- Developer: Instagram
- Initial release: June 20, 2018; 7 years ago
- Operating system: iOS, Android
- Size: 140.3 MB (iOS), 30.05 MB (Android)
- Available in: 30 languages
- List of languages English, Croatian, Czech, Danish, Dutch, Finnish, French, German, Greek, Indonesian, Italian, Japanese, Korean, Malay, Norwegian, Polish, Portuguese, Romanian, Russian, Simplified Chinese, Slovak, Spanish, Swedish, Tagalog, Thai, Traditional Chinese, Turkish, Ukrainian, Vietnamese
- Type: online video sharing platform
- Licence: Freeware
- Website: business.instagram.com/a/igtv

= IGTV =

Vertical video application by Instagram

IGTV, short for Instagram TV, was a video application by Instagram for Android and iOS smartphones.
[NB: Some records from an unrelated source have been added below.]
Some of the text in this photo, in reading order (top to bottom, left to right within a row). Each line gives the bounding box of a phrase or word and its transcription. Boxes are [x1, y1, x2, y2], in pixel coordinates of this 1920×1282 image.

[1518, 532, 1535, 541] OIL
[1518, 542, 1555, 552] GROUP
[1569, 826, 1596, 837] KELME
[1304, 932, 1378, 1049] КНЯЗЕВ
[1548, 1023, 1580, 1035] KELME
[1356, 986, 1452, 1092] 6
It allowed for longer videos compared to Instagram feeds. IGTV was available as a stand-alone app, though basic functionality was also available within the Instagram app and website.

The service was launched and introduced by former Instagram CEO Kevin Systrom in a live event in San Francisco on June 20, 2018, featuring creators such as Lele Pons.

== Service ==
IGTV required users to log in with an Instagram account. Mobile devices allowed uploads of up to 15 minutes in length with a file size of up to 650 MB, while desktop web browsers allowed uploads of up to 60 minutes in length with a file size of up to 3.6 GB. The app auto-played videos as soon as it was launched, which Kevin Systrom contrasted to video hosts where one must first locate a video.
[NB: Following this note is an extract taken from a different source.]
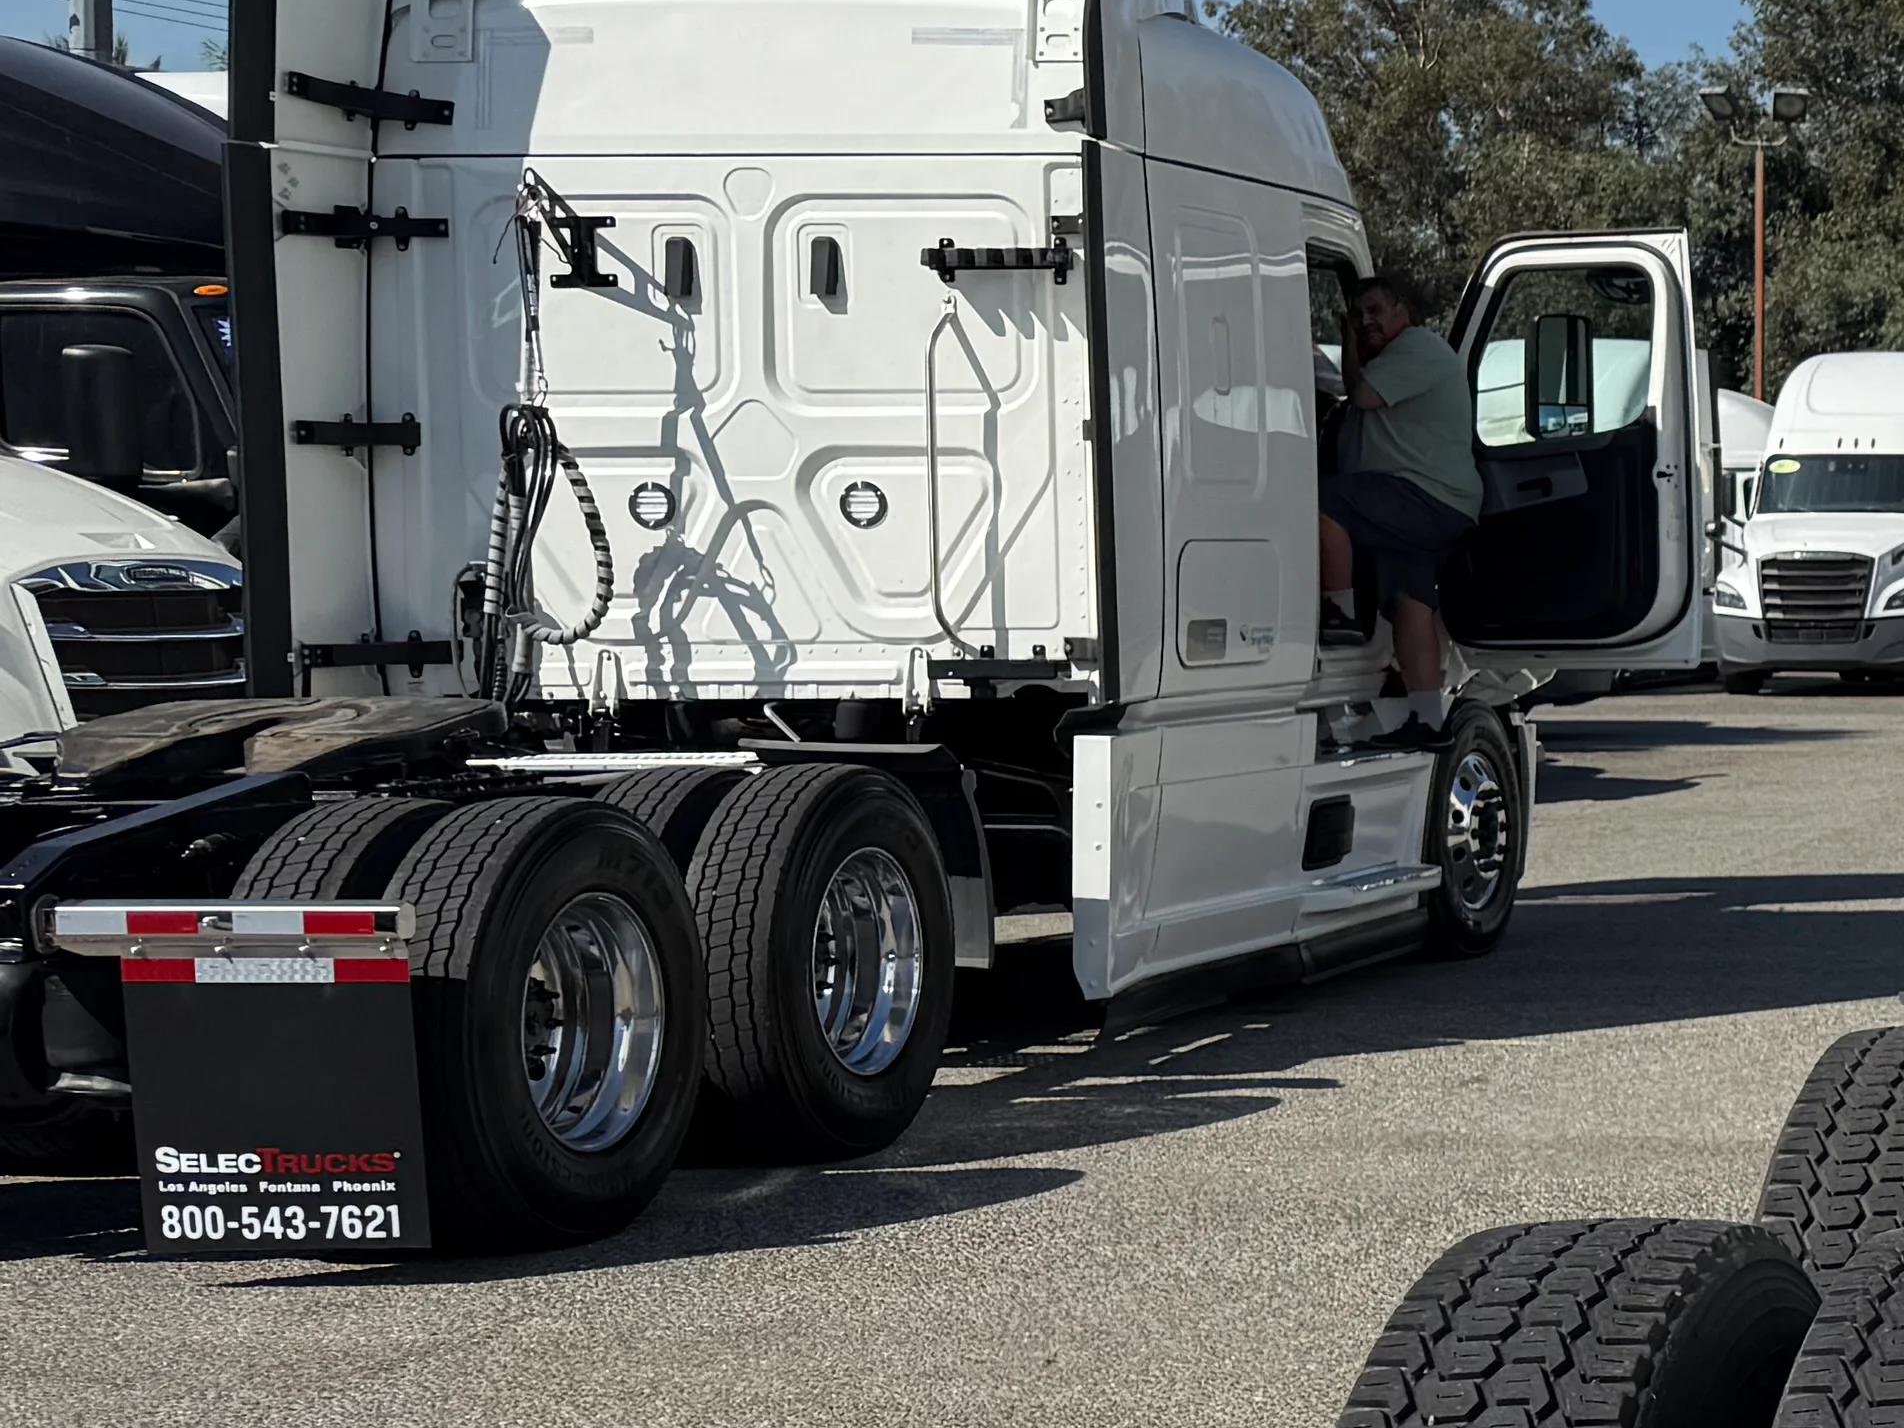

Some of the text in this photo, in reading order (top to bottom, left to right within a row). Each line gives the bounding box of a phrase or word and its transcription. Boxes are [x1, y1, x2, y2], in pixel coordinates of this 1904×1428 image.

[158, 1179, 396, 1196] Los Angeles Fontana Phoenix
[160, 1204, 401, 1240] 800-543-7621
Instagram accounts with an IGTV channel received an IGTV tab on their profile page. Additionally, uploads on IGTV could be mirrored to a linked Facebook page.

In May 2019, IGTV gained the ability to upload landscape videos.

The standalone app was not widely adopted. In January 2020, it was reported that it only had around 7 million users. In October 2021, Instagram began to merge IGTV's functionality into the main Instagram app, including its video upload and editing functionality, changing the IGTV tab on user profiles to simply "Video"—which included IGTV posts and existing in-feed videos and live streams (though excluding Reels
, its short-form video format), and updating the video playback interface. Instagram stated that the standalone app would remain operational for the time being.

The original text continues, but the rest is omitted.